As we get closer to the presidential election, and Donald Trump increasingly fears he is holding a losing hand, the bizarre description of “American Carnage” in Trump’s inauguration speech in 2017 becomes more ominously an uncanny prediction for 2020. In the 2016 presidential debates, former Florida governor Jeb Bush remarked that “Donald Trump is a chaos candidate, and he would be a chaos president.” Well, here we are.
Election Carnage
In the past several weeks, there has been a burst of bureaucratic chaos as Trump does his utmost to hold on to his base rather than to try to expand his appeal throughout the country. Trump clearly intends to contest mail-in ballots, and he expects to get a great deal of assistance from the huge number of judges his administration has appointed to appeals courts.
- A federal judge recently struck down a decree from Texas Governor Greg Abbott to limit each county in Texas to a single drop box for absentee ballots. Several days later, an appellate panel of three Trump-appointed judges froze the lower court order and sanctioned Abbott’s order. As a result, Harris County, home to more than two million voters, and Wheeler County, with fewer than 4,000 voters, would each have one drop box for the hand-delivery of absentee ballots.
- In one presidential term, Trump has managed to shift the ideological balance of appeals courts that cover states that could decide the election. This is true for the Third Circuit that covers Pennsylvania; the 11th Circuit that covers Florida and Georgia; and the Ninth Circuit that covers Arizona and Nevada.
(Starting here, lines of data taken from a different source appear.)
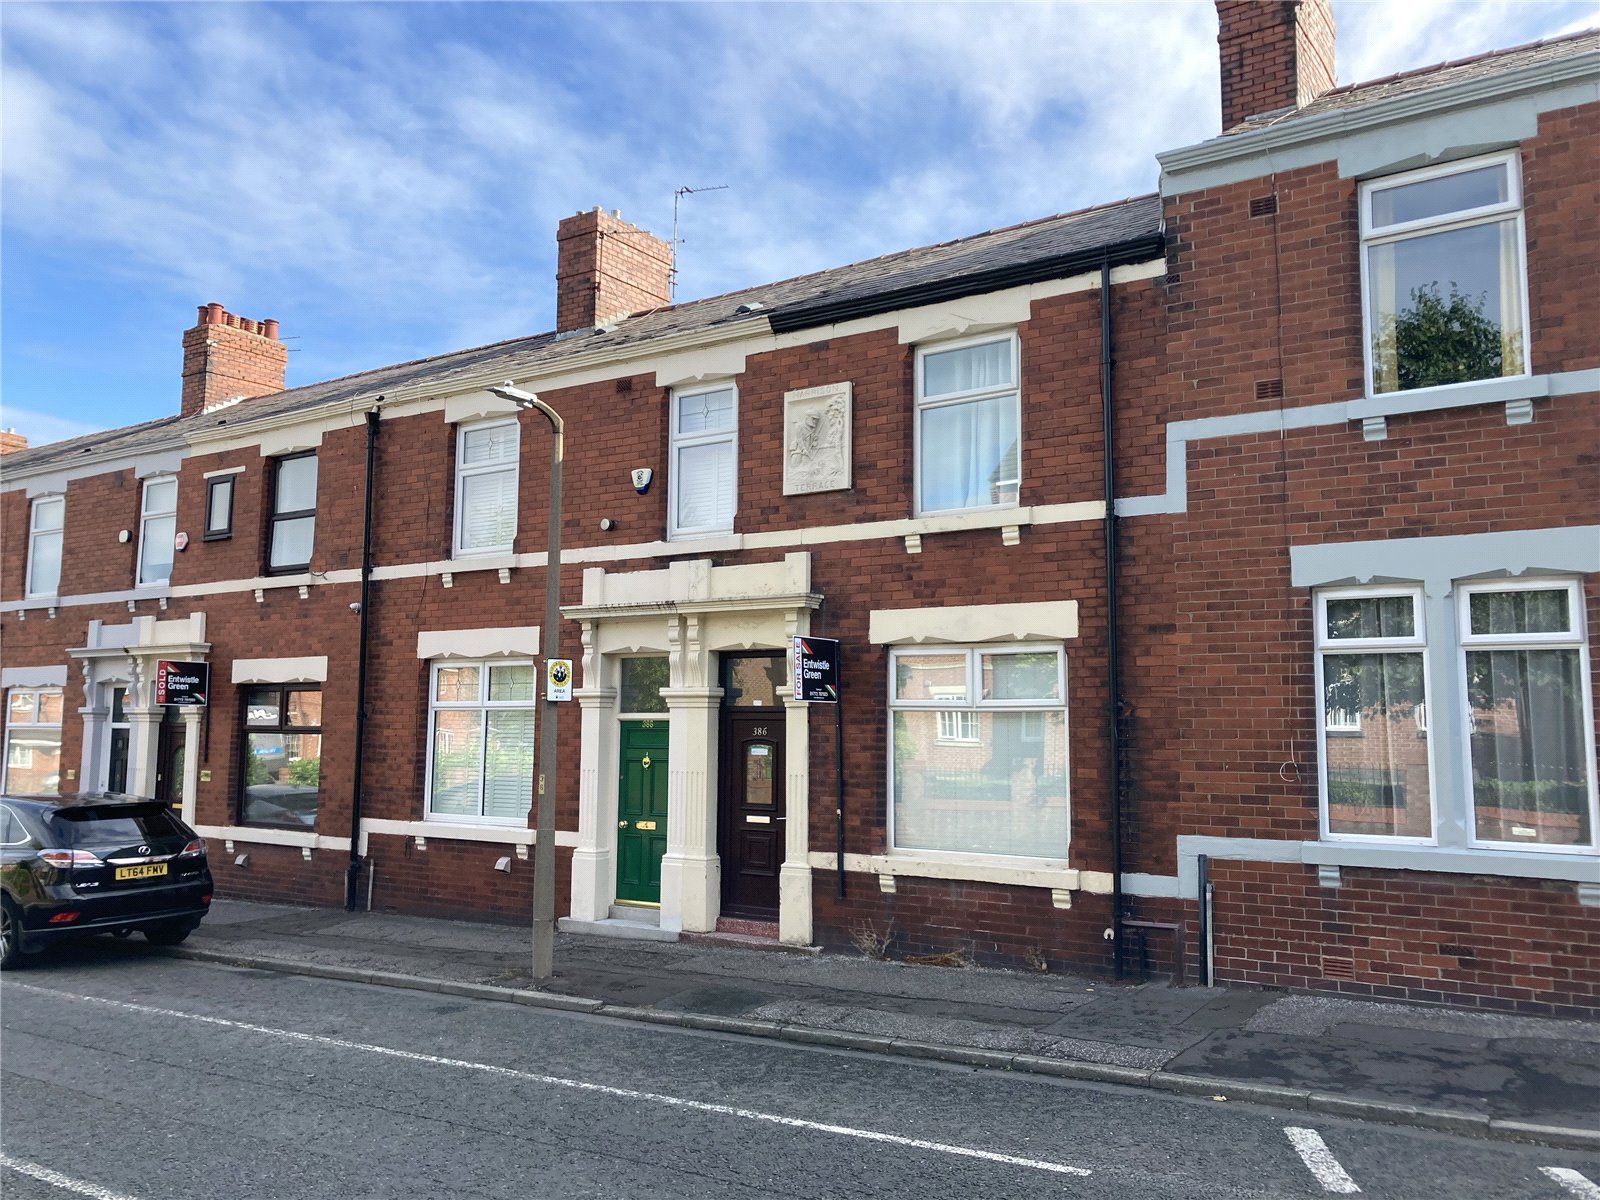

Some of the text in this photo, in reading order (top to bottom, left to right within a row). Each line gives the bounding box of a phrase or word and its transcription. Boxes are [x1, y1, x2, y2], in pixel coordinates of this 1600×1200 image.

[795, 480, 836, 492] TERRACE
[803, 659, 830, 670] Entwistle
[168, 675, 199, 684] Entwistle
[803, 669, 822, 680] Green
[158, 669, 166, 695] SOLD
[752, 727, 768, 736] 386
[120, 865, 165, 878] LT64 FMV
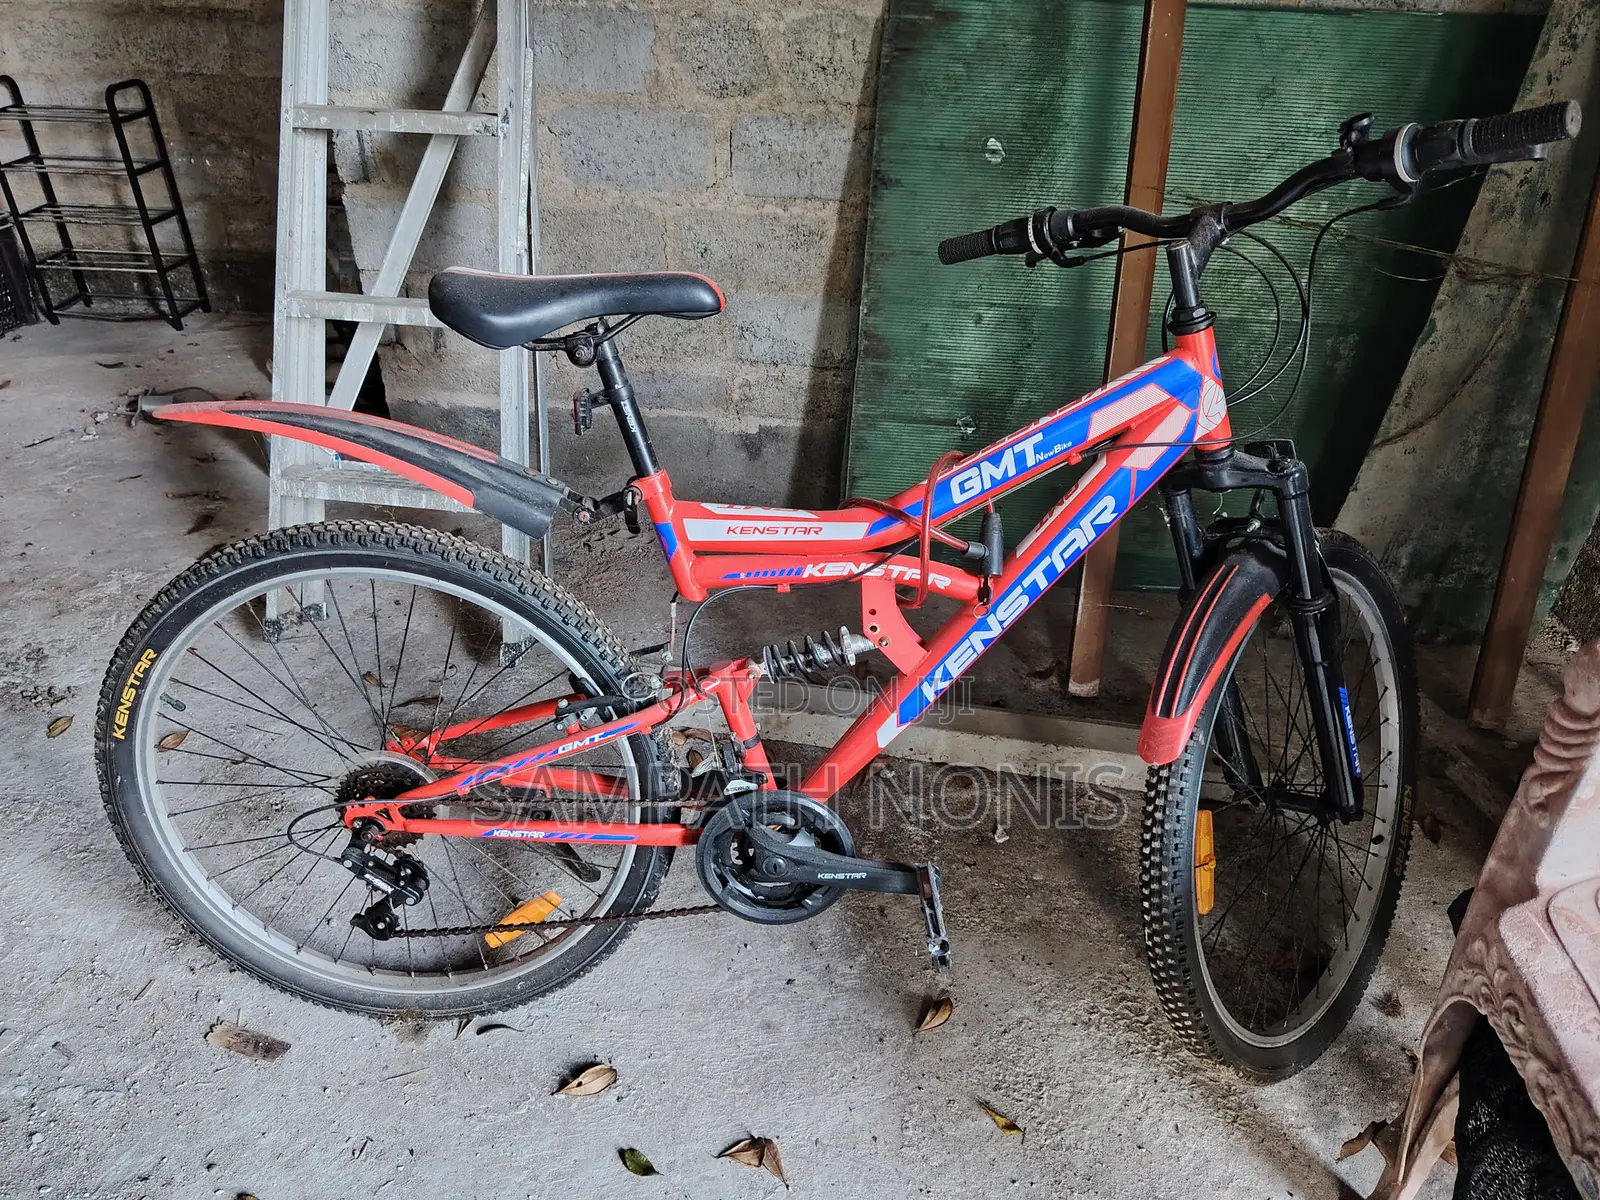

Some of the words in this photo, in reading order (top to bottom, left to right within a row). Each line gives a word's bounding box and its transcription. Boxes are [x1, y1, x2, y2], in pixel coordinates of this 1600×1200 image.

[949, 431, 1043, 505] GMT
[726, 525, 823, 536] KENSTAR
[801, 561, 952, 590] KENSTAR
[920, 494, 1119, 704] KENSTAR
[112, 648, 158, 740] KENSTAR
[558, 731, 606, 755] GMT
[492, 829, 546, 839] KENSTAR
[817, 872, 868, 880] KENSTAR
- In the run-up to next month’s election, there are already more than 300 cases in state and federal courts that deal with election-related litigation. Last week, an appeals court in Michigan, for example, imposed a deadline on returning mail-in ballots, which was sought by Republican legislators.
Census Carnage
The courts, including the Supreme Court are also involved in a Trump initiative to stop the census count, which would have an impact on calculating congressional seats for the next ten years as well as on the allocation of federal funding.
- Last week, the Supreme Court agreed with the Trump administration to stop the census count even though the pandemic has made it more difficult to reach distant communities, as well as, people of color.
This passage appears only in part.